No criminal charges were filed, but the Tuckers did bring a lawsuit against Hume and Lower. It was prosecuted in civil court in a seven-day trial. The Tuckers were represented by Douglas Wilder, later a state senator and, in 1990, governor of Virginia, the first African American to be elected governor in the United States. Wilder argued that “the transplant team engaged in a systematic and nefarious scheme to use Bruce Tucker’s heart and hastened his death by shutting off the mechanical support systems.” He also hammered home the point that Tucker was labeled “
unclaimed dead,” and that he belonged to the “faceless black masses of society.”
Early in the trial, the judge instructed the jurors to stick to the “legal concept of death and reject the defense’s attempt to employ a medical concept of neurological death in establishing a rule of law.” This may have signaled the death knell for Hume and Lower’s case, but they were helped by the fact that, since the transplant, a major article defining brain death had been published in The Journal of the American Medical Association and was generally supported among the thought leaders of the time. Hume and Lower’s team defended the concept that Tucker was truly dead when his brain died, and because of that, the removal of his heart was not what had killed him. Their expert witness list included Dr. Joseph Fletcher, a well-respected professor and bioethicist. Fletcher convincingly summarized Tucker’s state at the time of his organ donation as follows: “When cerebral function is lost, nothing remains but biological phenomena at best. The patient is gone even if his body remains and even if some of its vital functions continue. He may be, technically, ‘alive.’ But he is no longer human. He is, as a human being, undoubtedly dead.”
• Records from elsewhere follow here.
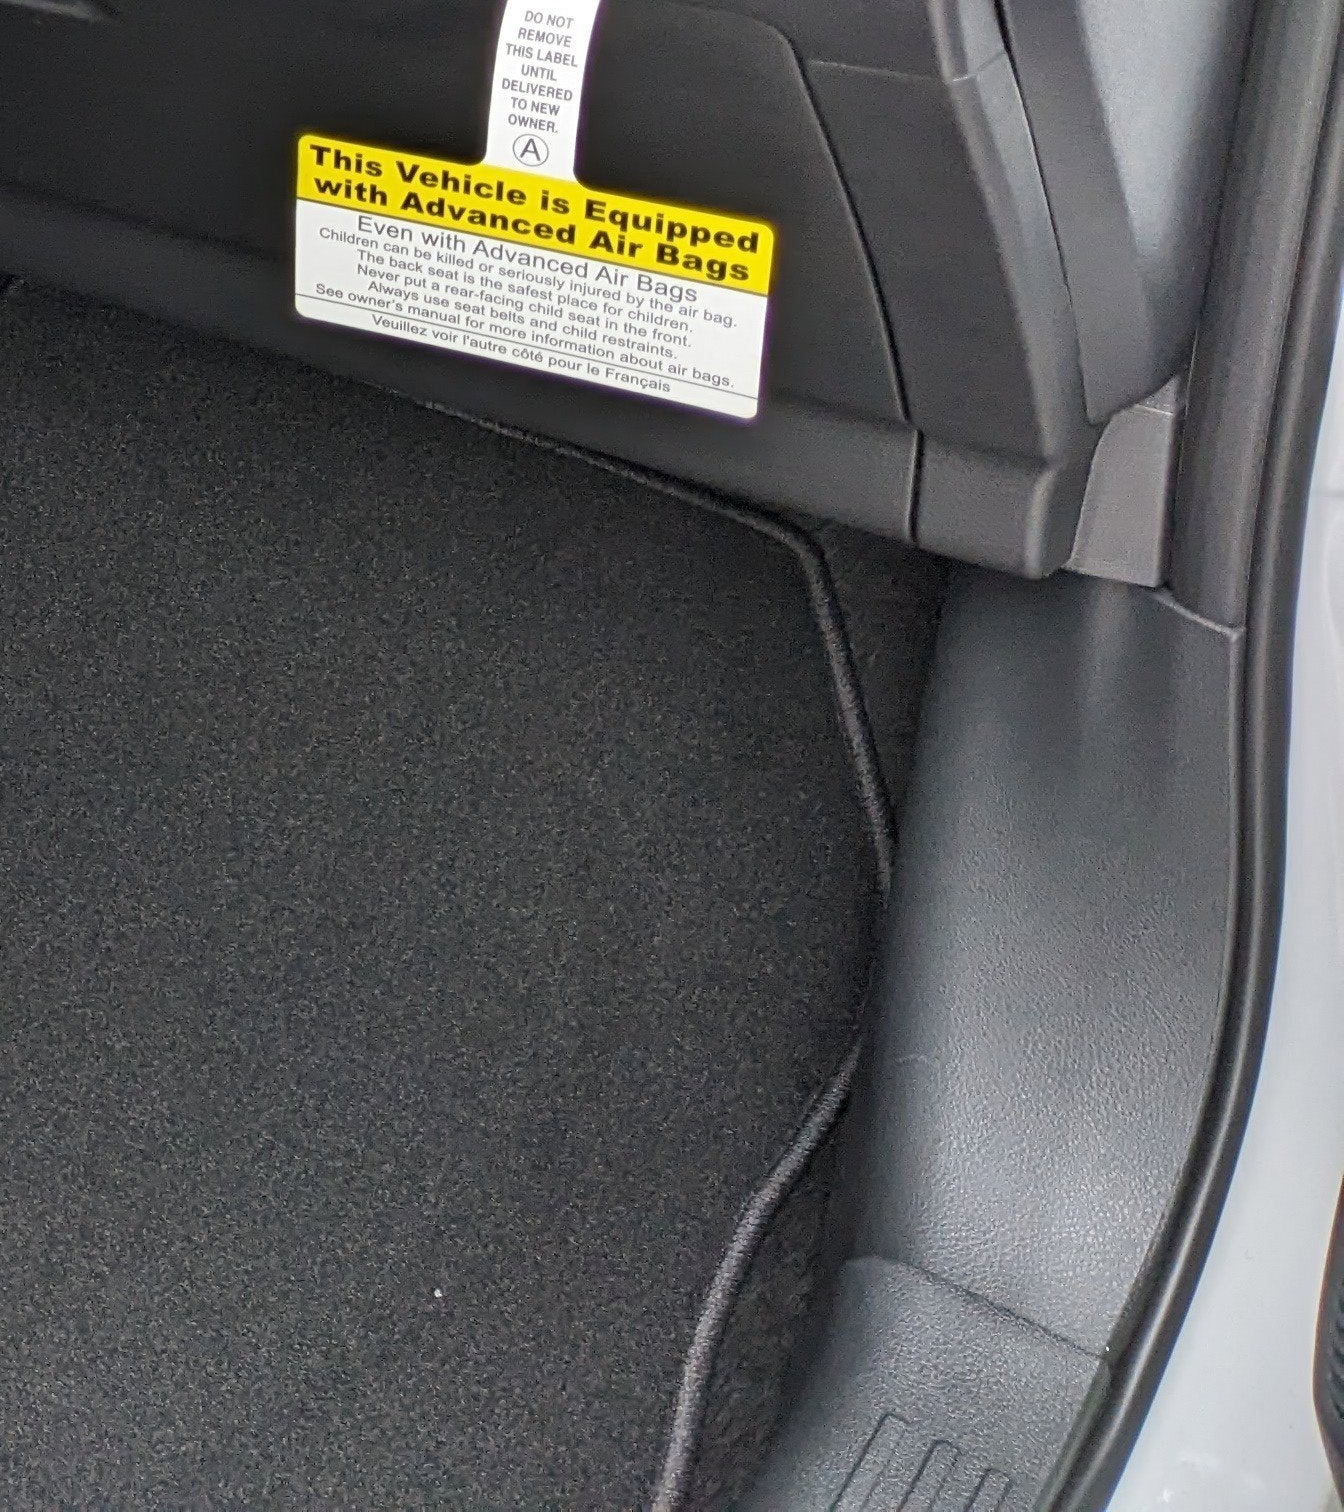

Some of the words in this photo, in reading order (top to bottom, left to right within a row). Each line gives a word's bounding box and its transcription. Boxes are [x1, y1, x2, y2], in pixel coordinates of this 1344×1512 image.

[506, 43, 533, 58] THIS
[537, 49, 578, 67] LABEL
[518, 27, 572, 48] REMOVE
[524, 10, 543, 24] DO
[546, 13, 574, 29] NOT
[502, 78, 572, 101] DELIVERED
[511, 96, 527, 110] TO
[530, 100, 560, 116] NEW
[521, 64, 557, 81] UNTIL
[508, 114, 558, 133] OWNER.
[310, 145, 383, 177] This
[396, 161, 527, 205] Vehicle
[541, 190, 570, 214] is
[585, 199, 759, 253] Equipped
[314, 177, 388, 206] with
[401, 191, 576, 245] Advanced
[589, 230, 643, 258] Air
[656, 243, 749, 282] Bags
[319, 227, 378, 249] Children
[384, 242, 409, 256] can
[414, 247, 432, 261] be
[436, 251, 473, 270] killed
[479, 262, 494, 273] or
[499, 266, 564, 290] seriously
[570, 280, 621, 301] injured
[627, 293, 645, 308] by
[649, 296, 674, 312] the
[679, 302, 699, 318] air
[703, 309, 737, 328] bag.
[357, 249, 384, 265] The
[390, 257, 423, 273] back
[428, 266, 458, 281] seat
[464, 272, 475, 284] is
[480, 276, 503, 291] the
[508, 282, 553, 302] safest
[558, 294, 598, 311] place
[603, 303, 623, 317] for
[627, 310, 693, 332] children.
[358, 215, 413, 242] Even
[422, 232, 466, 252] with
[473, 240, 588, 278] Advanced
[595, 266, 629, 286] Air
[637, 274, 698, 302] Bags
[315, 283, 343, 299] See
[348, 289, 403, 312] owner's
[408, 305, 461, 325] manual
[465, 316, 484, 330] for
[489, 322, 526, 339] more
[531, 332, 615, 360] information
[620, 352, 662, 370] about
[668, 362, 687, 376] air
[692, 367, 735, 387] bags.
[357, 265, 400, 283] Never
[404, 276, 427, 291] put
[431, 282, 440, 291] a
[445, 283, 524, 311] rear-facing
[529, 301, 563, 318] child
[568, 311, 600, 326] seat
[605, 315, 619, 330] in
[623, 320, 647, 337] the
[652, 328, 692, 348] front.
[368, 281, 419, 303] Always
[423, 294, 449, 308] use
[455, 299, 485, 316] seat
[490, 307, 525, 325] belts
[530, 318, 557, 332] and
[563, 323, 597, 341] child
[602, 334, 678, 359] restraints.
[372, 314, 427, 337] Veuillez
[432, 328, 458, 344] voir
[463, 335, 507, 355] l'autre
[512, 347, 543, 363] côté
[549, 357, 583, 373] pour
[587, 362, 600, 376] le
[605, 367, 671, 392] Français
After seventy-seven minutes of deliberation, the jury returned with a verdict of “not liable.” The removal of Tucker’s heart for organ donation had not caused or accelerated his death. After the trial, Hume spoke confidently of their victory for the press: “This simply brings the law in line with medical opinion . . . I think this is an issue that had to be decided, and I think it will have an influence on the medical community for a long time to come.” He was right about that.
Regardless of the outcome of this trial, a great disservice was done to Bruce Tucker and his family. Hume and Lower were so motivated to get into the heart transplant arena that they proceeded with the transplant without thinking about the effect it might have on the Tuckers. This goes against my very core belief about organ transplantation: that the donors (and their families) are our patients, too. They are the heroes, the ones who make it all happen, and they also benefit from the process. Hume and Lower focused solely on their recipient, and thus deprived the Tuckers of that benefit. The fact that Tucker may have been dead (or at least not alive) does not mean he and his family did not still own his body, even if his soul was gone. Hume and Lower disrespected that.